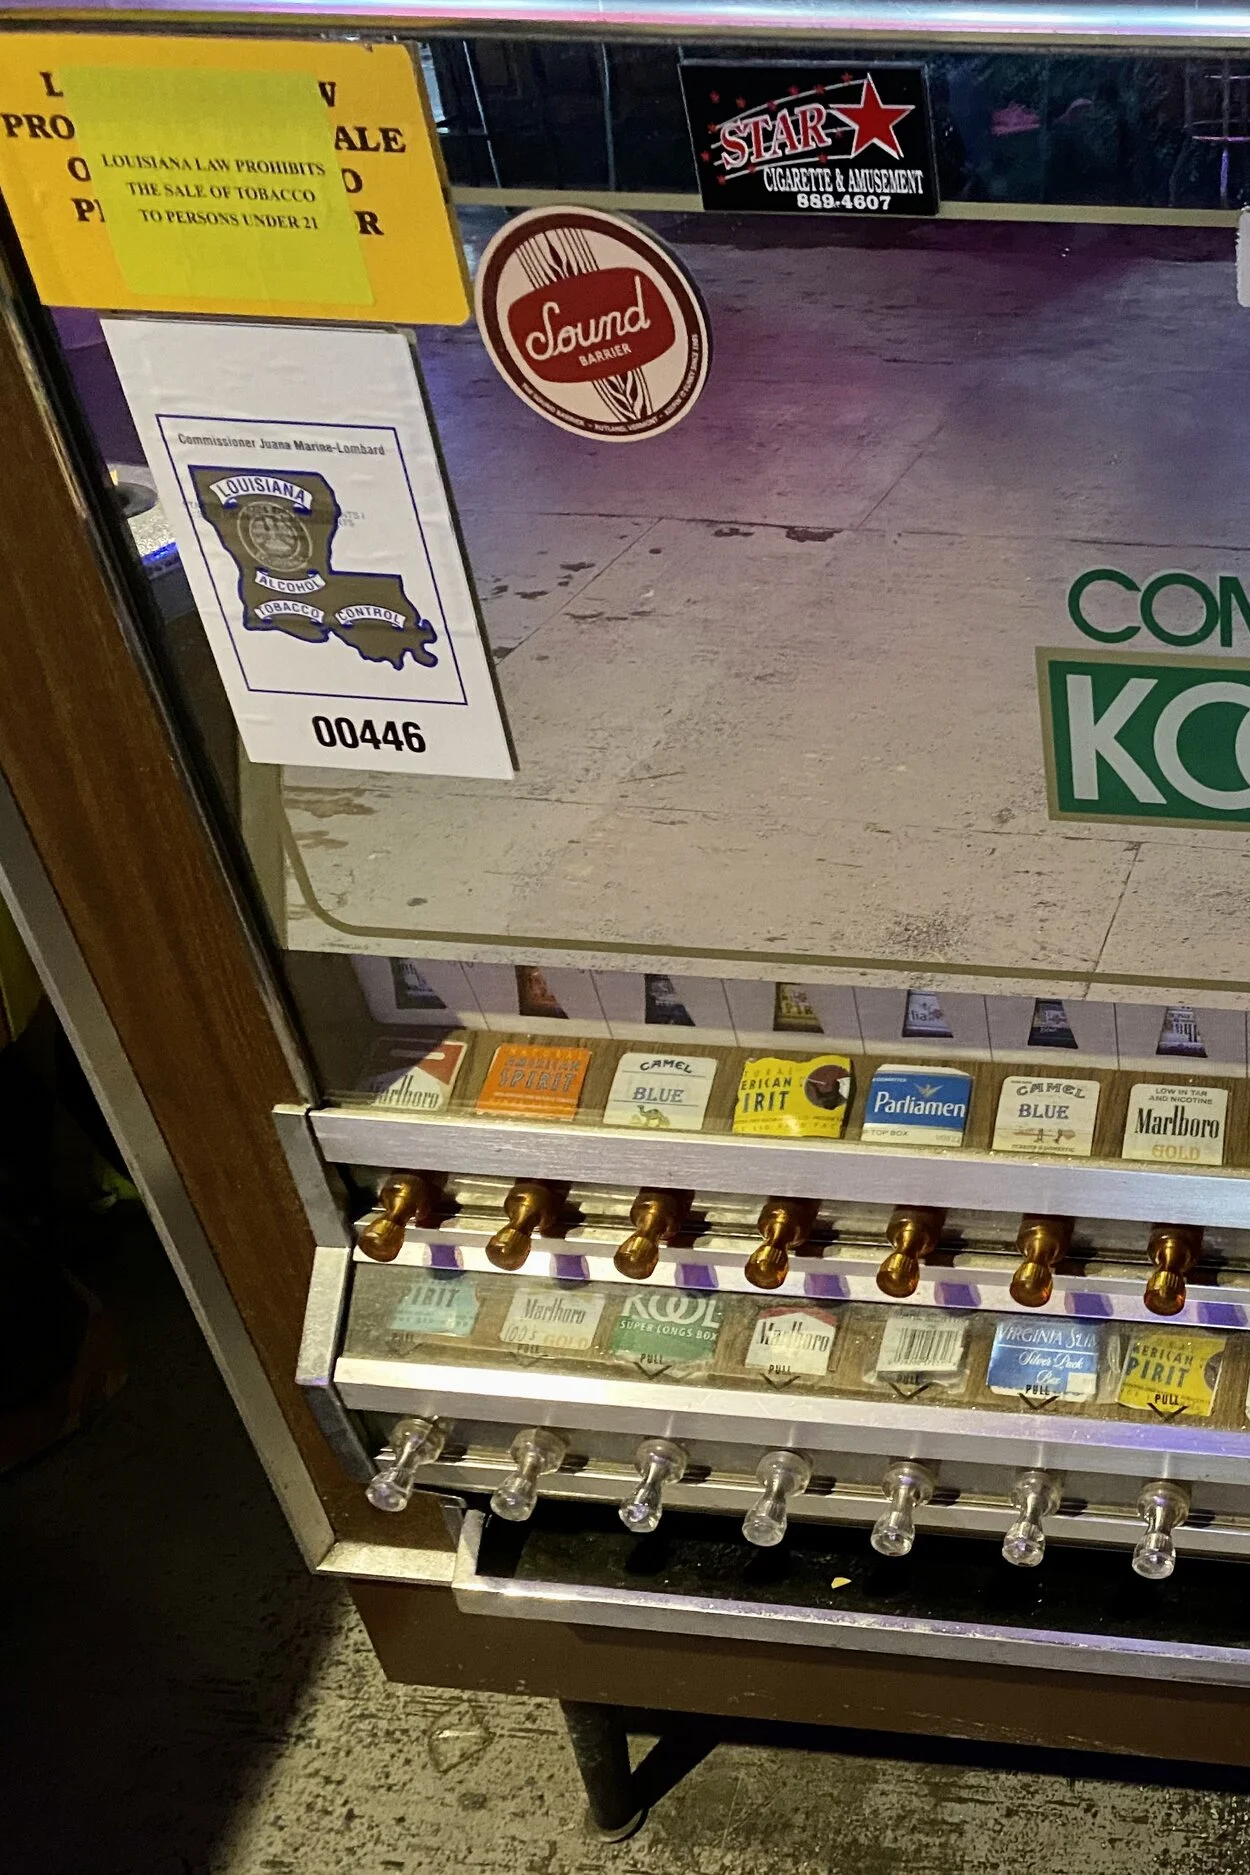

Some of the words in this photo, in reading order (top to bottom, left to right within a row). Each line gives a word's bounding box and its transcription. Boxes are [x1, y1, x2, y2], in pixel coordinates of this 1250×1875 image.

[719, 103, 832, 170] STAR
[101, 153, 193, 171] LOUISIANA
[195, 156, 230, 172] LAW
[235, 158, 326, 176] PROHIBITS
[763, 167, 832, 192] CIGARETTE
[835, 168, 847, 191] &
[848, 169, 924, 194] AMUSEMENT
[126, 181, 160, 196] THE
[164, 184, 202, 199] SALE
[209, 186, 232, 199] OF
[236, 186, 316, 203] TOBACCO
[797, 194, 891, 210] 889-4607
[138, 208, 163, 222] TO
[164, 209, 239, 225] PERSONS
[242, 214, 300, 229] UNDER
[303, 217, 319, 230] 21
[525, 275, 651, 361] Sound
[578, 342, 632, 367] BARRIER
[178, 434, 256, 448] Commissioner
[260, 439, 292, 450] Juana
[293, 440, 385, 455] Marine-Lombard
[216, 478, 305, 503] LOUISIANA
[260, 575, 321, 592] ALCOHOL
[260, 602, 320, 619] TOBACCO
[337, 609, 400, 625] CONTROL
[312, 716, 426, 753] 00446
[640, 1060, 693, 1074] CAMEL
[741, 1077, 792, 1091] ERICAN
[1016, 1083, 1085, 1099] CAMEL
[632, 1087, 684, 1103] BLUE
[743, 1090, 790, 1114] IRIT
[874, 1092, 966, 1118] Parliamen
[1170, 1097, 1213, 1105] NICOTINE
[1018, 1103, 1070, 1120] BLUE
[1134, 1105, 1220, 1139] Marlboro
[1152, 1144, 1200, 1161] GOLD
[523, 1298, 586, 1325] Marlboro
[620, 1294, 720, 1329] KOOL
[619, 1320, 654, 1333] SUPER
[656, 1325, 693, 1338] LONGS
[695, 1331, 718, 1341] BOX
[756, 1321, 830, 1353] Marlboro
[998, 1324, 1063, 1346] VIRGINIA
[640, 1353, 663, 1365] PULL
[1018, 1351, 1051, 1367] Silver
[1052, 1353, 1084, 1370] Pack
[768, 1364, 792, 1376] PULL
[1126, 1356, 1190, 1389] PIRIT
[1025, 1384, 1050, 1395] PULL
[1155, 1394, 1180, 1406] PULL
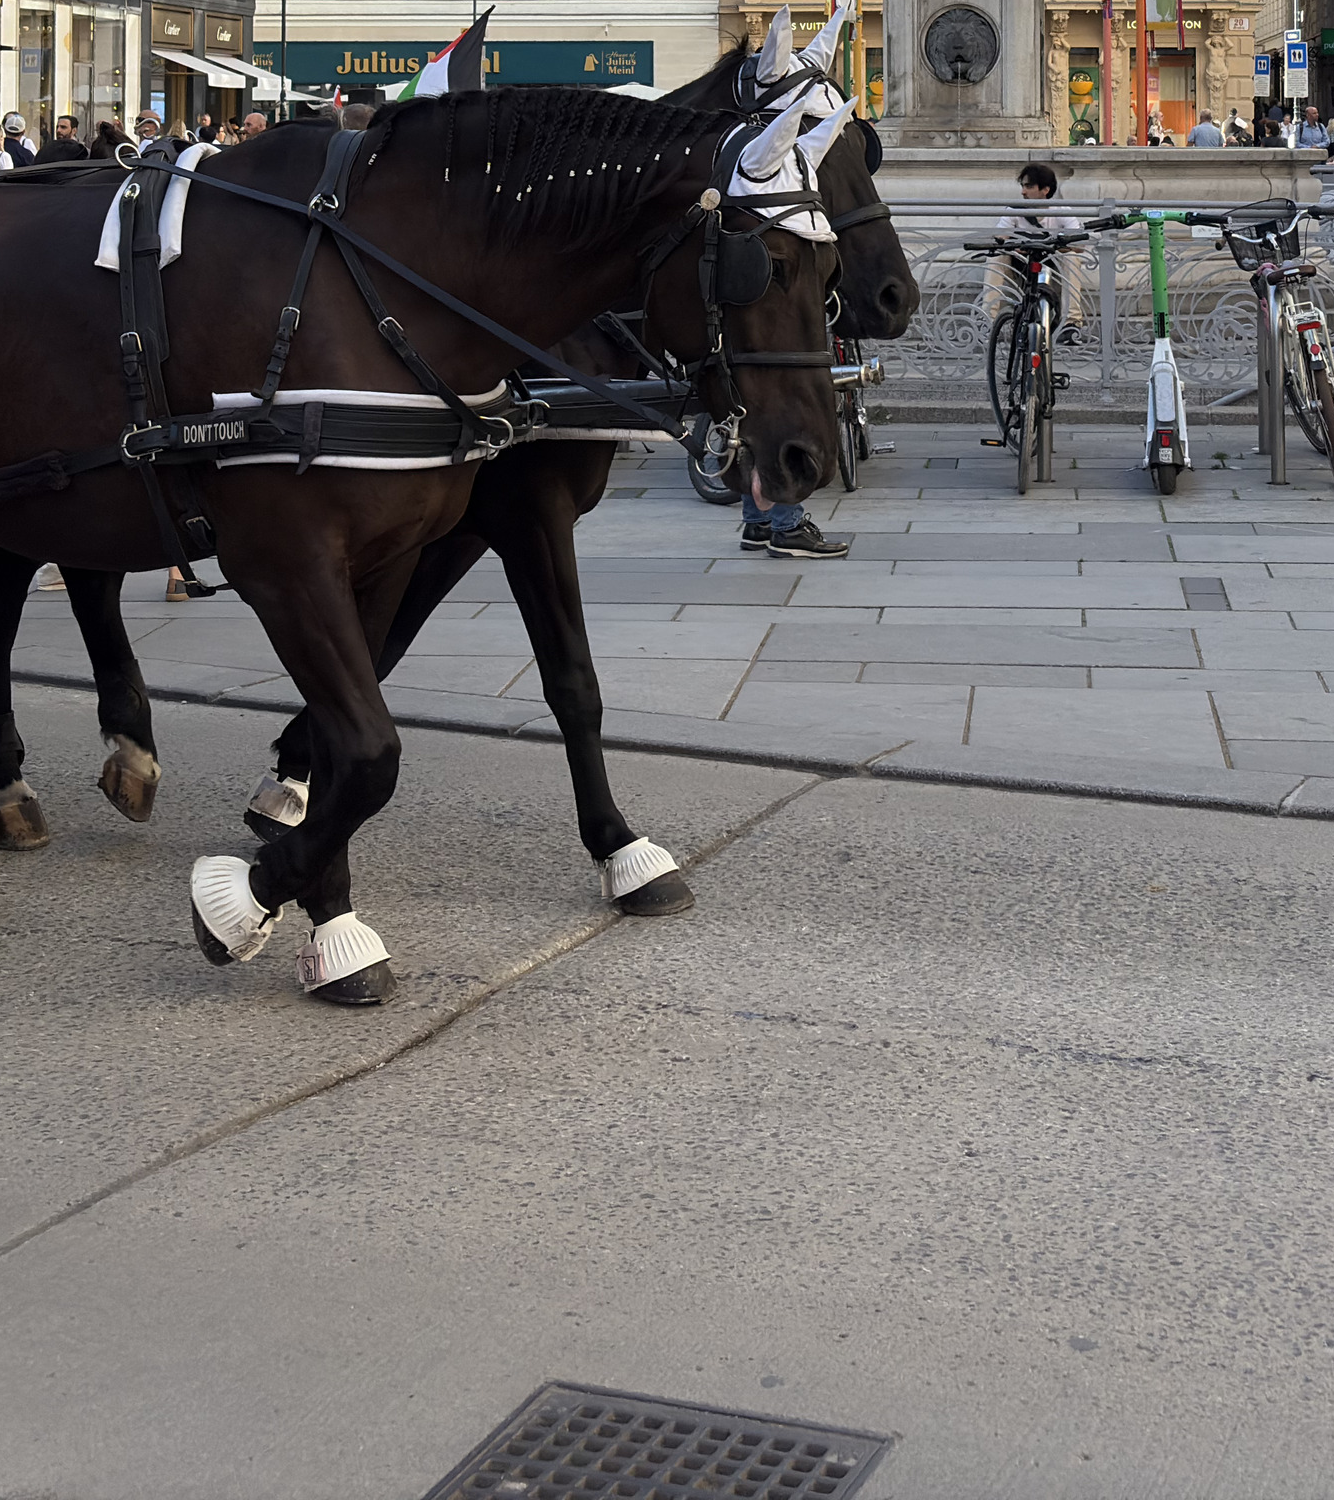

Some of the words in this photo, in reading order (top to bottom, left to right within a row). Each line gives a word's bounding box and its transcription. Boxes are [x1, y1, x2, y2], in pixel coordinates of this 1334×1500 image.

[164, 19, 181, 36] Cartier
[800, 22, 827, 31] VUITT
[1234, 18, 1244, 26] 20
[216, 25, 232, 42] Cartier
[336, 51, 420, 75] Julius
[606, 57, 637, 66] Julius
[609, 66, 635, 75] Meinl
[183, 424, 213, 444] DON'T
[213, 420, 245, 441] TOUCH

* [INSTRUCTIONS FOR THE TASK] When you write out the material above, keep every line exact and drop each picture.

* [RESPONSE BOX]
Some of the words in this photo, in reading order (top to bottom, left to right within a row). Each line gives a word's bounding box and its transcription. Boxes are [x1, y1, x2, y2], in pixel coordinates of this 1250×1875 image.

[719, 103, 832, 170] STAR
[101, 153, 193, 171] LOUISIANA
[195, 156, 230, 172] LAW
[235, 158, 326, 176] PROHIBITS
[763, 167, 832, 192] CIGARETTE
[835, 168, 847, 191] &
[848, 169, 924, 194] AMUSEMENT
[126, 181, 160, 196] THE
[164, 184, 202, 199] SALE
[209, 186, 232, 199] OF
[236, 186, 316, 203] TOBACCO
[797, 194, 891, 210] 889-4607
[138, 208, 163, 222] TO
[164, 209, 239, 225] PERSONS
[242, 214, 300, 229] UNDER
[303, 217, 319, 230] 21
[525, 275, 651, 361] Sound
[578, 342, 632, 367] BARRIER
[178, 434, 256, 448] Commissioner
[260, 439, 292, 450] Juana
[293, 440, 385, 455] Marine-Lombard
[216, 478, 305, 503] LOUISIANA
[260, 575, 321, 592] ALCOHOL
[260, 602, 320, 619] TOBACCO
[337, 609, 400, 625] CONTROL
[312, 716, 426, 753] 00446
[640, 1060, 693, 1074] CAMEL
[741, 1077, 792, 1091] ERICAN
[1016, 1083, 1085, 1099] CAMEL
[632, 1087, 684, 1103] BLUE
[743, 1090, 790, 1114] IRIT
[874, 1092, 966, 1118] Parliamen
[1170, 1097, 1213, 1105] NICOTINE
[1018, 1103, 1070, 1120] BLUE
[1134, 1105, 1220, 1139] Marlboro
[1152, 1144, 1200, 1161] GOLD
[523, 1298, 586, 1325] Marlboro
[620, 1294, 720, 1329] KOOL
[619, 1320, 654, 1333] SUPER
[656, 1325, 693, 1338] LONGS
[695, 1331, 718, 1341] BOX
[756, 1321, 830, 1353] Marlboro
[998, 1324, 1063, 1346] VIRGINIA
[640, 1353, 663, 1365] PULL
[1018, 1351, 1051, 1367] Silver
[1052, 1353, 1084, 1370] Pack
[768, 1364, 792, 1376] PULL
[1126, 1356, 1190, 1389] PIRIT
[1025, 1384, 1050, 1395] PULL
[1155, 1394, 1180, 1406] PULL

Some of the words in this photo, in reading order (top to bottom, left to right within a row). Each line gives a word's bounding box and its transcription. Boxes are [x1, y1, x2, y2], in pixel coordinates of this 1334×1500 image.

[164, 19, 181, 36] Cartier
[800, 22, 827, 31] VUITT
[1234, 18, 1244, 26] 20
[216, 25, 232, 42] Cartier
[336, 51, 420, 75] Julius
[606, 57, 637, 66] Julius
[609, 66, 635, 75] Meinl
[183, 424, 213, 444] DON'T
[213, 420, 245, 441] TOUCH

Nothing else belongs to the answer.